Campanha da Fraternidade 2006

Autoras: Patrícia Geciauskas e Cecília Pellegrini


Cenário: O interior de uma toca, onde vivem 2 amigas (Nina e Malu). Um sofá, 2 banquinhos e alguns almofadões no centro. Sinais de muita bagunça no ambiente, desleixo pela toca.

Personagens: 3 bichos: Elefante Tito (deficiente: sem uma das patas superiores, tem uma das patas inferiores paralisadas e visão em apenas 1 olho), Nina (tigresa) e Malu (ursa).

[Em cena está uma tigresa, de costas, deitada nos almofadões.]

[Toca a campainha e a Nina, dá um rugido (tipo bocejo), virando-se para a plateia.]

NINA: - Já vai, já vai... ai que sono [rugido bocejo e volta a dormir.]

MALU [levanta-se atrás do sofá e só parece o rosto dela. Dá um rugido-bocejo]: - Se toca Nina, tem bicho na nossa toca... [volta a se esconder atrás do sofá.]

NINA [imitando]: - Se toca, tem bicho na toca... que coisa, esses bichos pensam que sou surda... [abre a porta e dá de cara com Tito (deficiente)].

TITO: - Nina? É você? Ouvi você gritando como sempre com a campainha...

NINA: - Tito? Não acredito, você sumiu, peraí... está bem diferente... o que aconteceu com você? Parece meio “quebradão” Ai... Que saudades... [abraça Tito].

TITO: - Também estava com muitas saudades...

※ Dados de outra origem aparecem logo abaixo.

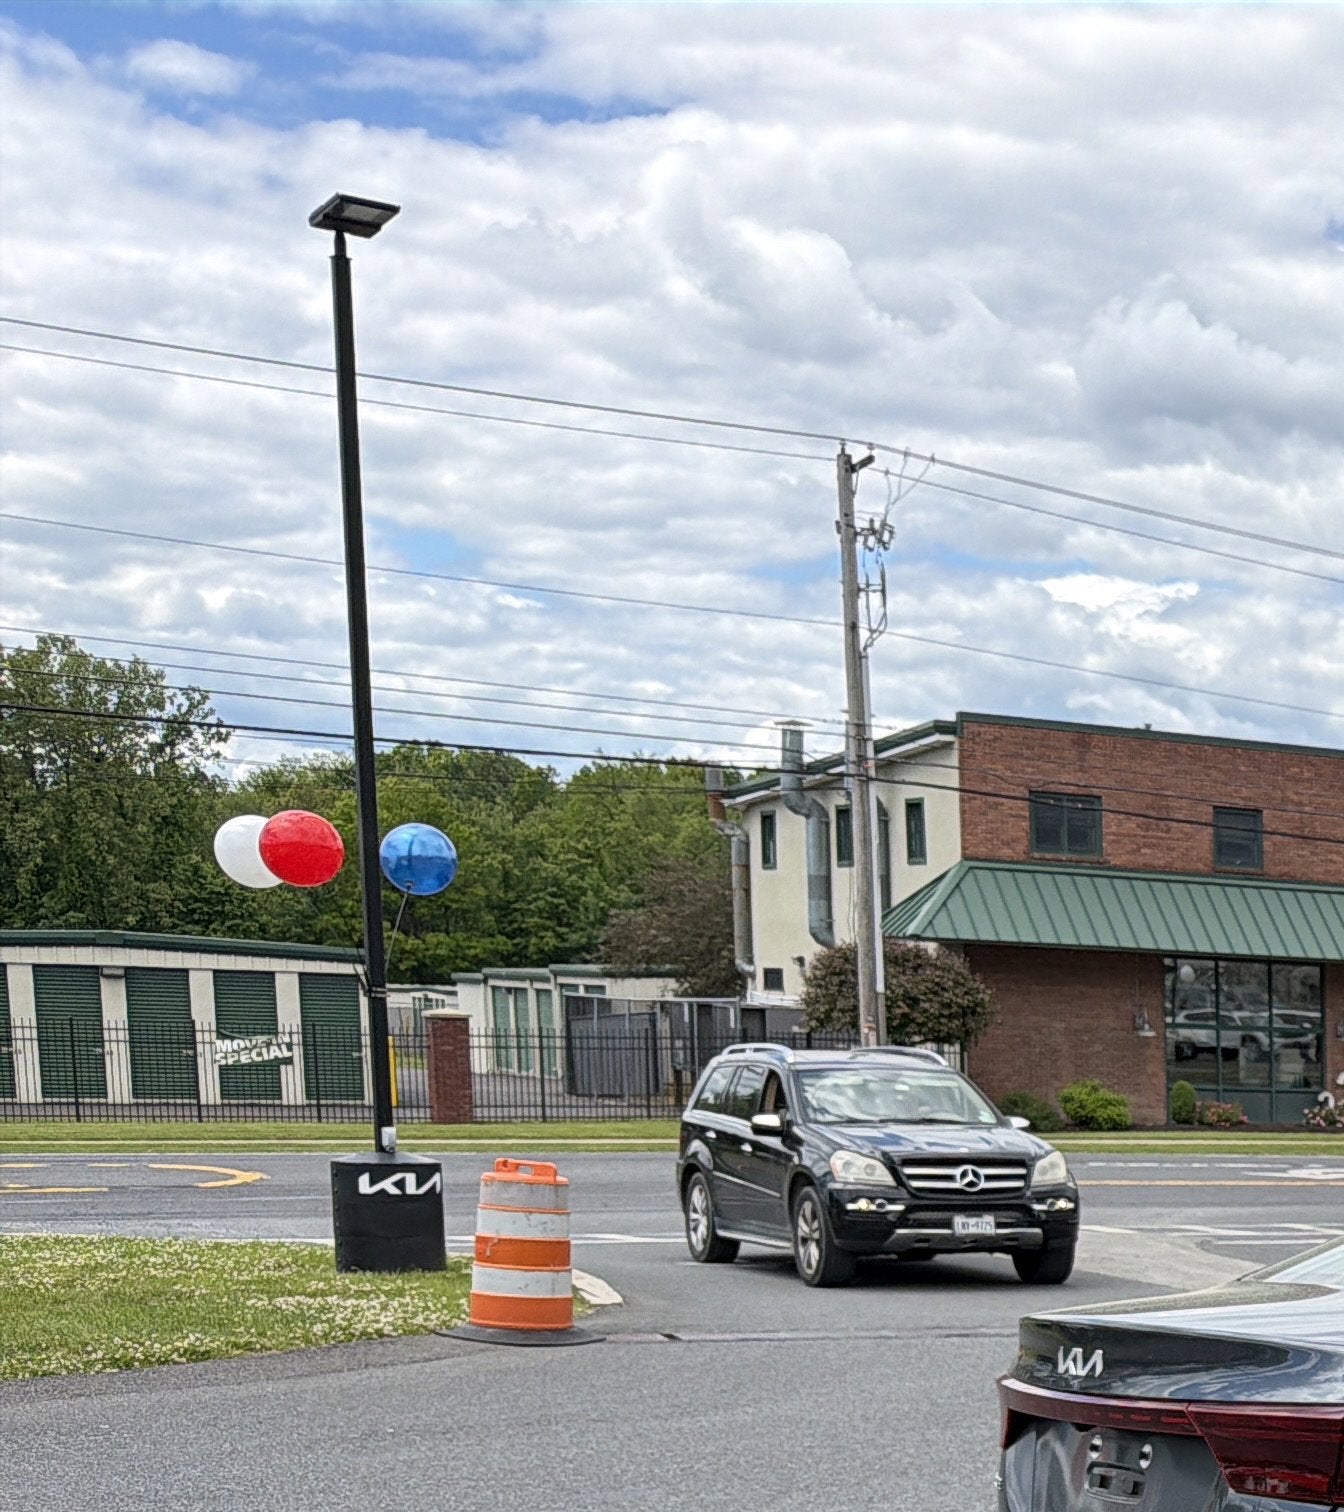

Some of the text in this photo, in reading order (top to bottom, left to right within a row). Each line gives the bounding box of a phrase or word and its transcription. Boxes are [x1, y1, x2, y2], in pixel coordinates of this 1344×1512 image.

[215, 1043, 293, 1066] SPECIAL
[358, 1171, 441, 1195] KIA
[1057, 1345, 1104, 1378] KIA

NINA: - Venha, entra... [puxa Tito, sem saber onde pegar, mas Tito dá uma interrompida.]

TITO: - Calma Nina, preciso ir devagar. Não me lembro direito de como era sua toca...

NINA: Hãããã, como assim? O que aconteceu com você depois de todos esses anos? Esses óculos, essa sei lá... bengala?

TITO: - Nina, Nina... aconteceu algo muito triste comigo... depois de sofrer um acidente horrível na floresta perto do riacho.

NINA: - Não me diga! Ali no riacho, onde sempre colocam armadilhas para pegar os bichos da floresta?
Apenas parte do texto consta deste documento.